Grand open-air concept points to Cadillac’s future

Cadillacs of yesteryear were big, imposing expressions of American affluence and confidence.

Cadillacs of yesteryear were big, imposing expressions of American affluence and confidence. Mobsters, movie stars and other big shots loved them, and used them to extend their A-type personalities.

 

Then something happened during the 1970s.
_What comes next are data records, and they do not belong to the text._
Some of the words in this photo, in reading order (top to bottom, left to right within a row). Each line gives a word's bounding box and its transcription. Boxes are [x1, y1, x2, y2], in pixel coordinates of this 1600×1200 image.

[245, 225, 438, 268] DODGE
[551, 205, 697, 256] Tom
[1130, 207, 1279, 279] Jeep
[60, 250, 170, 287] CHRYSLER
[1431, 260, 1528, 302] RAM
They lost their Mojo and starting hanging out with the wrong crowd — retired Floridians who favoured white golfing slacks and/or dinner theatre.

 

Cadillac gradually got its ‘cred back, mostly through a very successful new exterior design language called Art and Science, which debuted on the original CTS in 2002. Those sharp angles and crisp lines were not universally loved, but they definitely gave Cadillac a decisive and modern personality.

 

What’s next?

 

Well, we now have some idea, thanks to the unveiling of the Ciel concept, at last weekend’s Concours d’Elegance classic car show at the Pebble Beach country club in California.

I wasn’t there, which is just as well, because we all know that part of California just sucks (OK, maybe some sour grapes talking).
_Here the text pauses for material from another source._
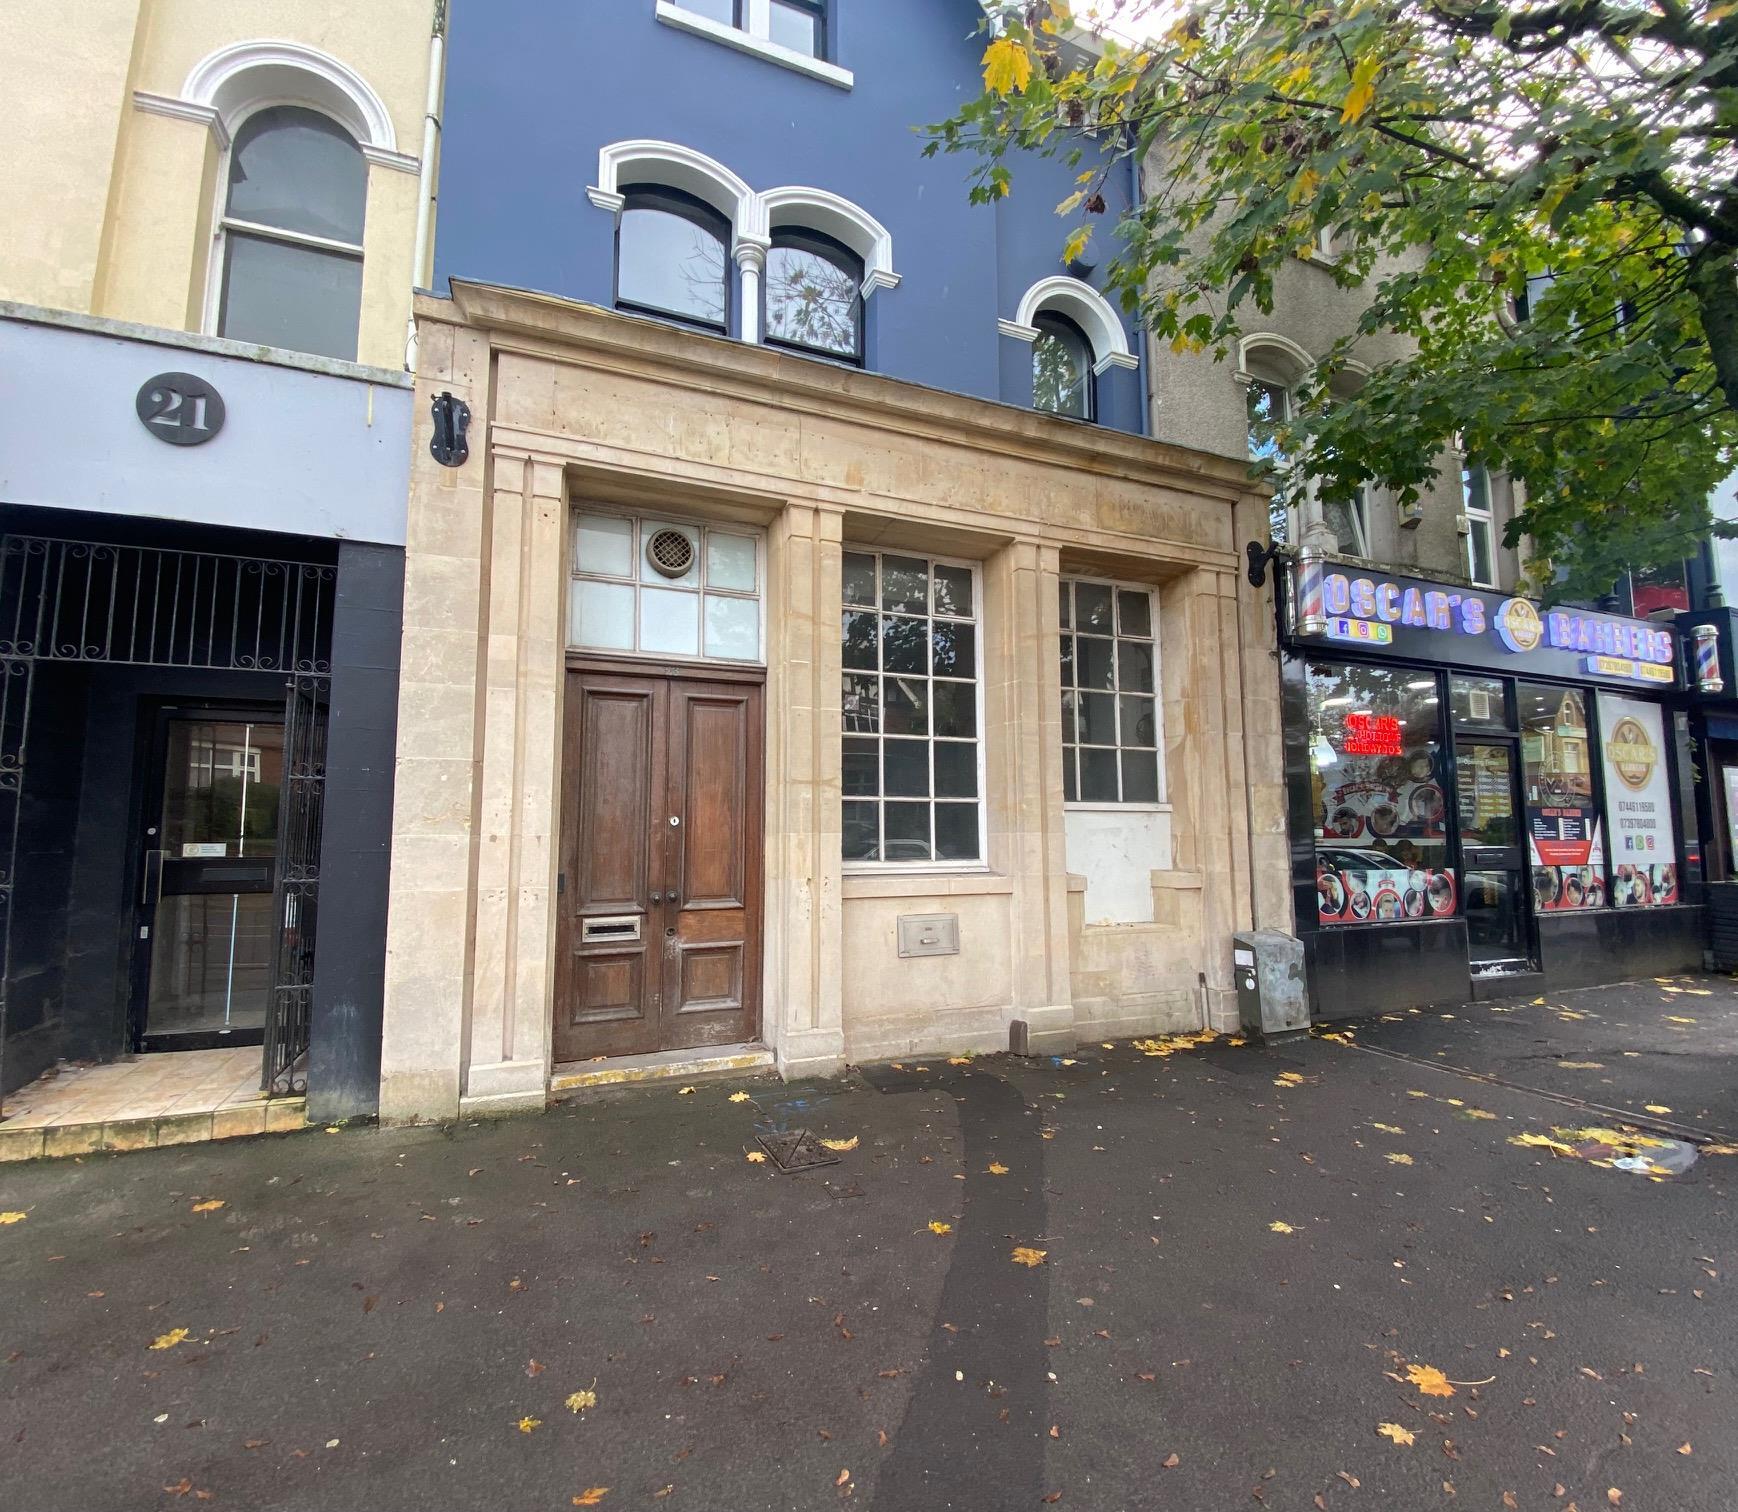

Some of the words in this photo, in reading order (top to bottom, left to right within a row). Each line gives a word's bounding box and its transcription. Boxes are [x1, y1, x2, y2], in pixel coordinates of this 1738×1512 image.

[148, 388, 209, 431] 21
[1323, 573, 1486, 634] OSCAR'S
[1549, 613, 1673, 663] BARBERS
[1608, 745, 1656, 761] OSCAR'S
But we have pictures and they reveal that the Ciel — French for sky and pronounced “C-L” — is evolving Cadillac’s Art and Science design toward a more flowing direction. Not quite a river, but definitely less geometry class.

The other intent of Ciel is to announce that Cadillac is anxious to once again have a big halo type vehicle in its portfolio, which it could stack against the range-topping models from rivals BMW and Mercedes-Benz (7 Series and S Class Sedans, respectively).
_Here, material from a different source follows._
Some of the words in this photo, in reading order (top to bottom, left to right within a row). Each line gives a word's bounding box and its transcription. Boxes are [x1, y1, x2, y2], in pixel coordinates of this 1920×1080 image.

As such Ciel is big. It sits on a 125-inch wheelbase, and is 12 inches longer than Cadillac’s current biggest sedan, the CTS. The “open air grand tourer” body style, complete with suicide doors, is purposefully extravagant, as are the interior accoutrements and conveniences.

The hybrid powerplant is a sign of the times: 3.6-litre V6 with twin turbochargers, and lithium-battery powered electric motor.

“The Ciel is about the romance of the drive,” noted Clay Dean, Cadillac’s global design director.

“It emulates the great touring cars seen on the greens at Pebble Beach, but with a more modern flair that projects Cadillac’s vision for the future.”

Unfortunately the totally topless Ciel is a bit too out there for production.

Only the styling cues and some finishes, like the vintage wood treatment and Cabernet paint job will make it into production. (The latter inspired by the “rich translucence of a glass of red wine held up to the sunlight.”)

But good on Cadillac for shooting big. Ciel is a nice shot.